Free-text object descriptions:
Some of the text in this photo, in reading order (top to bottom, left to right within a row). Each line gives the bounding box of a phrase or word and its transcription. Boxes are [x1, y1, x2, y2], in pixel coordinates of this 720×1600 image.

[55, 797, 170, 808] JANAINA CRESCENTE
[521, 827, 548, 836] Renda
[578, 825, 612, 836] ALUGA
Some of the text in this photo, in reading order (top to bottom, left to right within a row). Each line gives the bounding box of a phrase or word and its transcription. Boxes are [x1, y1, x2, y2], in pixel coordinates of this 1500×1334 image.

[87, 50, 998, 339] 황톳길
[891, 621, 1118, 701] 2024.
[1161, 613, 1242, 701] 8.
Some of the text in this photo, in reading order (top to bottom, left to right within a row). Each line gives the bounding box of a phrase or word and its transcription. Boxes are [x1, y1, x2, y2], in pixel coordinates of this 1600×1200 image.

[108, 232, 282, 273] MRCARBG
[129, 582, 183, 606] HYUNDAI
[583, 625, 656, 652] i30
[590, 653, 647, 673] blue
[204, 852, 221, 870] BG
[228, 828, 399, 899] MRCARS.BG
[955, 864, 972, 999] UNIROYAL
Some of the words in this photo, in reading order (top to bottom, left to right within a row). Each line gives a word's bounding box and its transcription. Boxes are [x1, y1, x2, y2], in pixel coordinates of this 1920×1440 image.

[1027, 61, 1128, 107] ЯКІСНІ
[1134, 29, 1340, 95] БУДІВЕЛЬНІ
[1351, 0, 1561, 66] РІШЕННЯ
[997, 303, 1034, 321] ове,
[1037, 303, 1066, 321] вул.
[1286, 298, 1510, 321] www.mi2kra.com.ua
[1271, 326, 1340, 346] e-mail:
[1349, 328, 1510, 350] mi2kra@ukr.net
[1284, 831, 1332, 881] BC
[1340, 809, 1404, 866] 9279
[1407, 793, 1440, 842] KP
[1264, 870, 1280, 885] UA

→ BRIEF:
Every record must be retyped so that it matches the original exactly.

→ YOUR SOLUTION:
Some of the text in this photo, in reading order (top to bottom, left to right within a row). Each line gives the bounding box of a phrase or word and its transcription. Boxes are [x1, y1, x2, y2], in pixel coordinates of this 720×1600 image.

[55, 797, 170, 808] JANAINA CRESCENTE
[521, 827, 548, 836] Renda
[578, 825, 612, 836] ALUGA
Some of the text in this photo, in reading order (top to bottom, left to right within a row). Each line gives the bounding box of a phrase or word and its transcription. Boxes are [x1, y1, x2, y2], in pixel coordinates of this 1500×1334 image.

[87, 50, 998, 339] 황톳길
[891, 621, 1118, 701] 2024.
[1161, 613, 1242, 701] 8.
Some of the text in this photo, in reading order (top to bottom, left to right within a row). Each line gives the bounding box of a phrase or word and its transcription. Boxes are [x1, y1, x2, y2], in pixel coordinates of this 1600×1200 image.

[108, 232, 282, 273] MRCARBG
[129, 582, 183, 606] HYUNDAI
[583, 625, 656, 652] i30
[590, 653, 647, 673] blue
[204, 852, 221, 870] BG
[228, 828, 399, 899] MRCARS.BG
[955, 864, 972, 999] UNIROYAL
Some of the words in this photo, in reading order (top to bottom, left to right within a row). Each line gives a word's bounding box and its transcription. Boxes are [x1, y1, x2, y2], in pixel coordinates of this 1920×1440 image.

[1027, 61, 1128, 107] ЯКІСНІ
[1134, 29, 1340, 95] БУДІВЕЛЬНІ
[1351, 0, 1561, 66] РІШЕННЯ
[997, 303, 1034, 321] ове,
[1037, 303, 1066, 321] вул.
[1286, 298, 1510, 321] www.mi2kra.com.ua
[1271, 326, 1340, 346] e-mail:
[1349, 328, 1510, 350] mi2kra@ukr.net
[1284, 831, 1332, 881] BC
[1340, 809, 1404, 866] 9279
[1407, 793, 1440, 842] KP
[1264, 870, 1280, 885] UA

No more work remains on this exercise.